Our surveys suggest that there are a couple of reasons for this change. First, nearly everyone in the buyer space says that the fewer cloud providers you have, the better. It’s not a matter of economy of scale, it’s a matter of minimizing integration and support issues, they say. The second point is that there is a different buyer constituency for SaaS than for installable software. Two-thirds of all SaaS buys are directly driven by operations personnel and not by IT, and these people frankly don’t give a hoot what earlier IT practices were.

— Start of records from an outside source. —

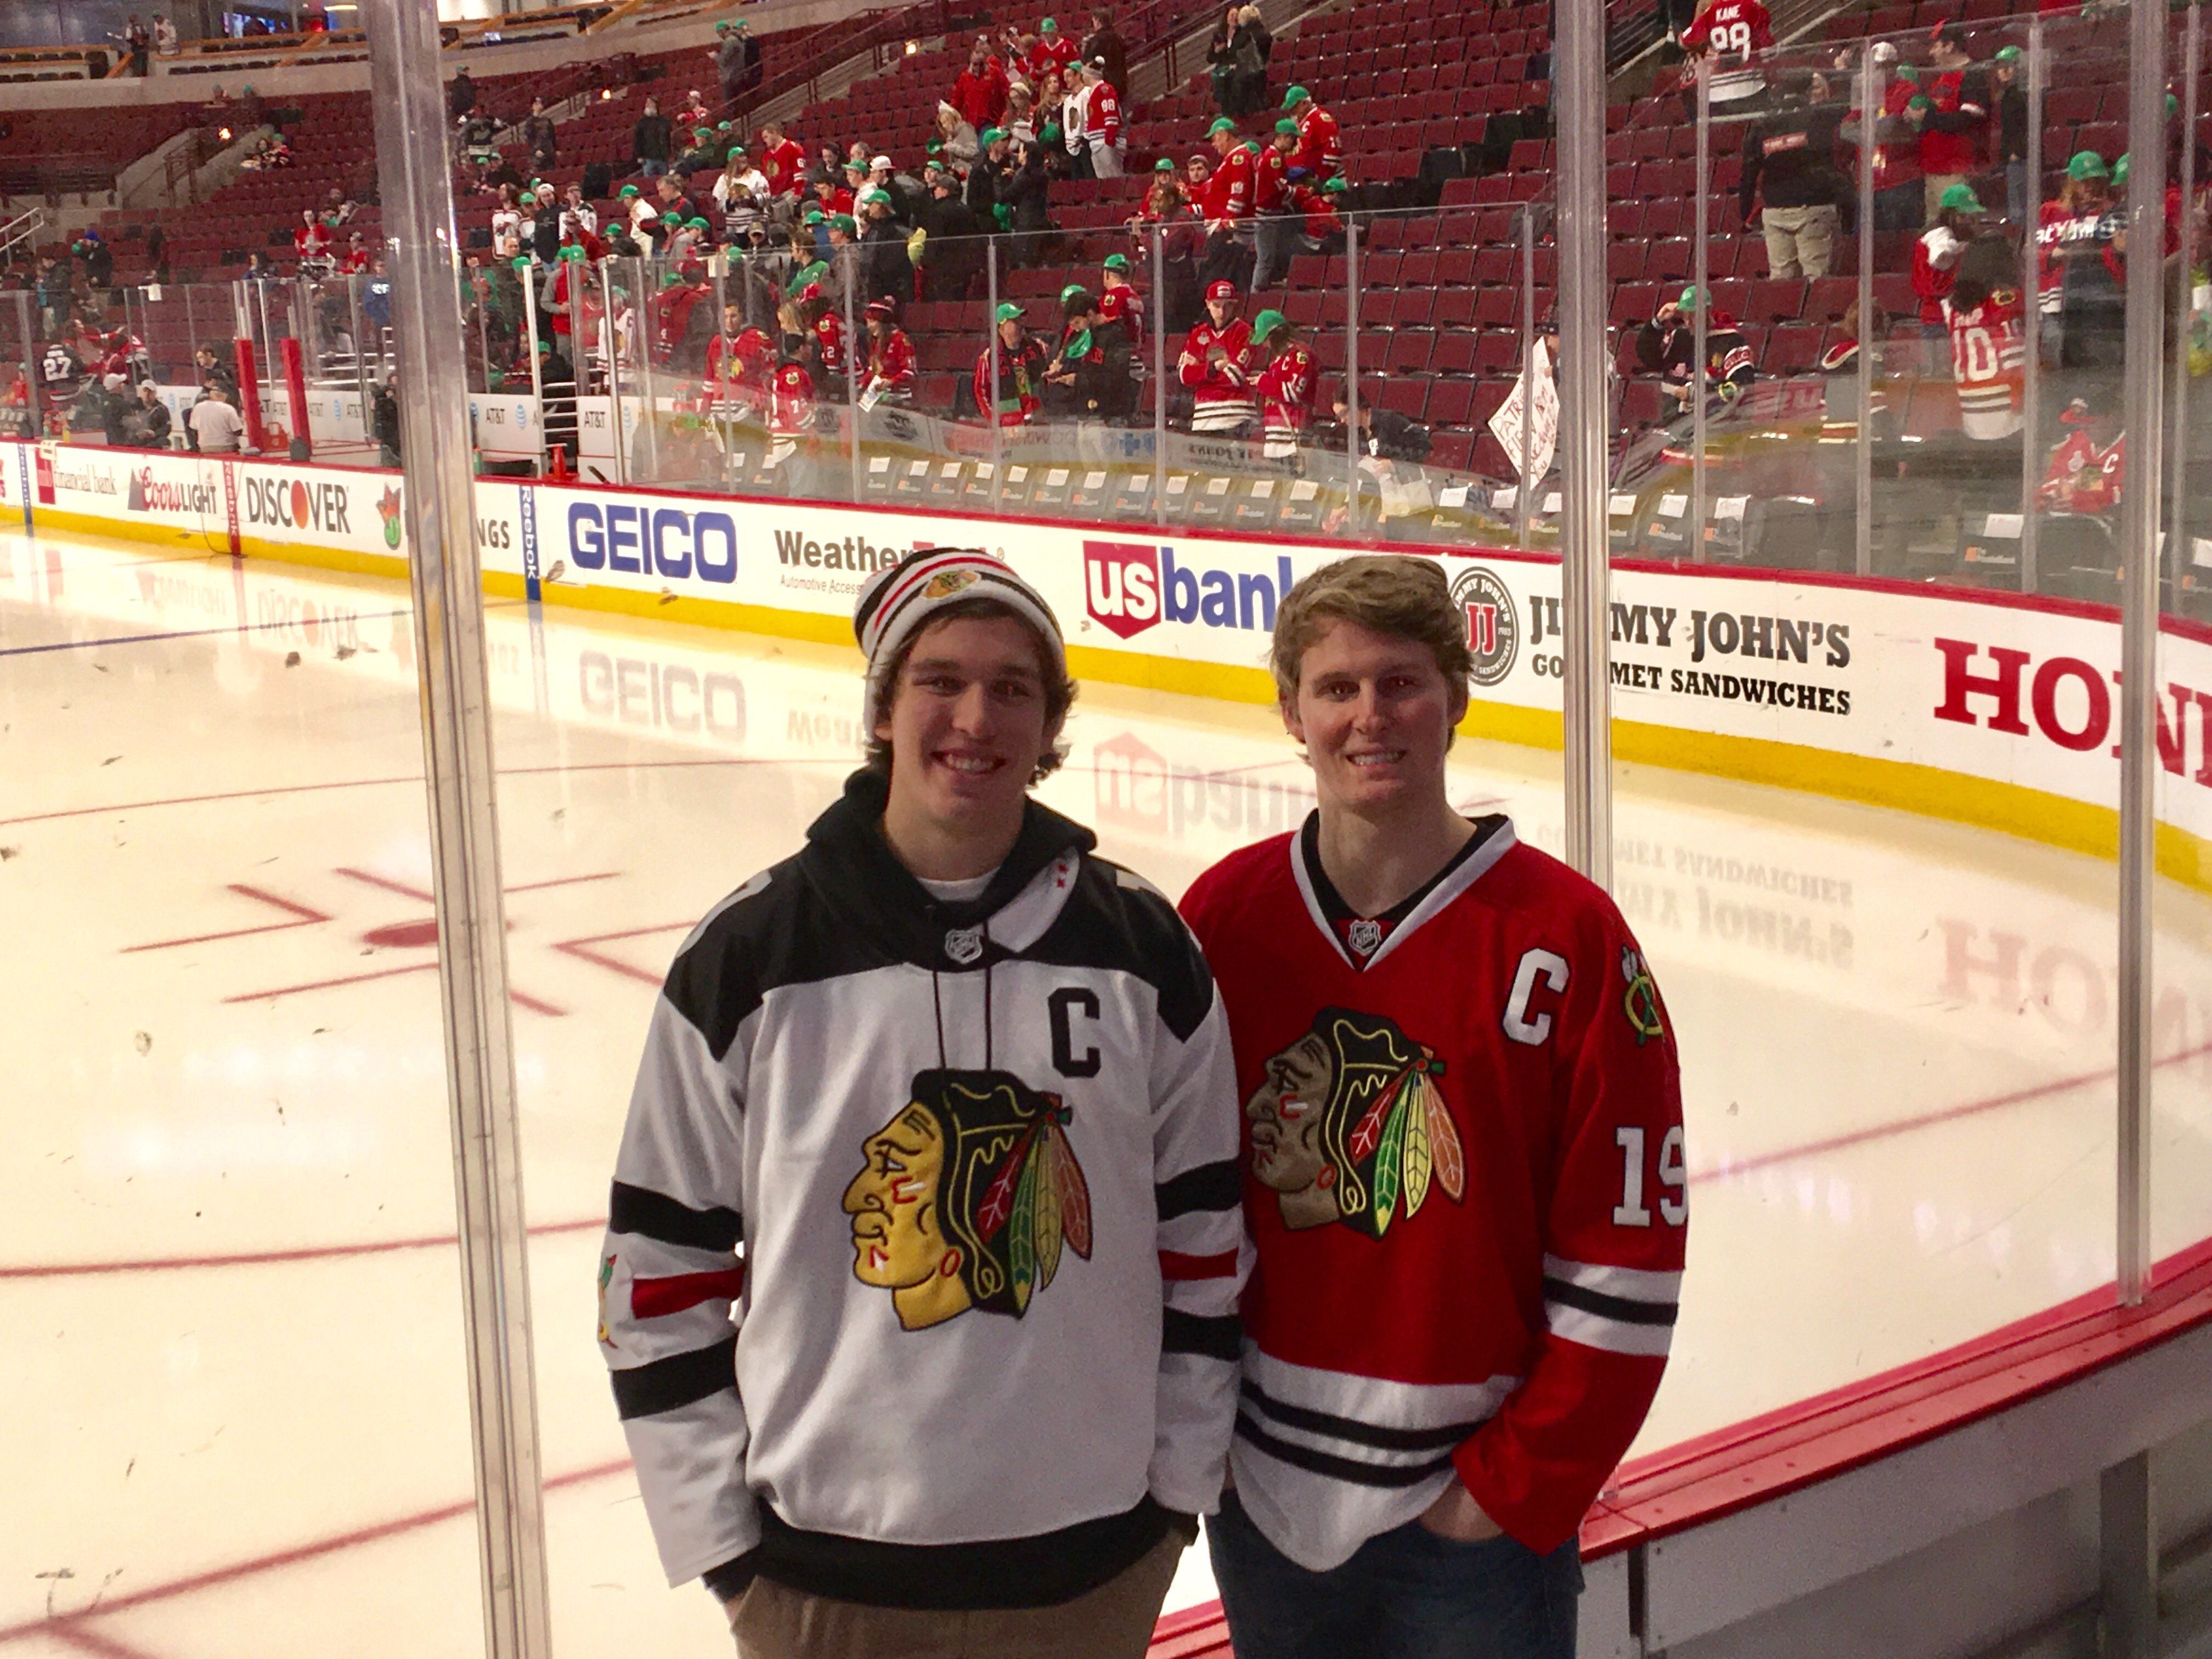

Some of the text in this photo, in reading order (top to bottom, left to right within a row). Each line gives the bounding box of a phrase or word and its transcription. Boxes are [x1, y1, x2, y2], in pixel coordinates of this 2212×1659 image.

[1716, 4, 1741, 21] KANE
[43, 356, 72, 382] 27
[486, 408, 505, 425] AT&T
[584, 411, 606, 428] AT&T
[139, 466, 217, 515] Coors LIGHT
[2103, 453, 2119, 473] C
[246, 476, 351, 534] DISCOVER
[522, 486, 538, 579] Reebok
[476, 518, 510, 550] NGS
[568, 501, 738, 584] GEICO
[828, 579, 862, 595] Access
[1465, 601, 1497, 656] JJ
[1529, 595, 1850, 669] JIMY JOHN'S
[1532, 653, 1851, 716] GOMET SANDWICHES
[1502, 948, 1570, 1046] C
[1048, 987, 1102, 1079] C
[1613, 1125, 1689, 1227] 19

SuccessFactors has a cloud-coupled architecture and a core product set, and it’s reasonable to wonder whether SAP intends to roll some of its stuff into the SuccessFactor framework, to roll a version of SuccessFactors into hosted form, or to just keep the two elements separate. It seems to me that succeeding in human resources planning with the M&A doesn’t leverage the cost enough. Making the software hosted moves backward from the benefit, so it’s likely that over time SAP intends to make this the packaging for a broader set of tools targeted (as SuccessFactors is) primarily at SMBs. This would set SAP up for the growth opportunity the cloud represents.
That’s a reflection of something I’ve also picked up in surveys, which is that the important market in cloud computing isn’t IaaS even though that’s where more than 60% of current spending is focused. Higher-layer services do more for the user and so justify higher prices and profits. You can’t replace IT and support functions with IaaS, only hardware servers. You can replace both with SaaS, and that’s what users are now finding interesting.
This suggests that in the long run the operational benefits of the cloud may be more significant than the equipment economies. This again favors PaaS and SaaS services because it’s hard to create cloud operational benefits when the cloud provider doesn’t supply the operating software. It also means that service-layer tools for the cloud will have to do more to enhance operations. Support economies of scale are something cloud hardware/software providers haven’t really spent much time promoting, likely because they’ve not spent much time addressing them!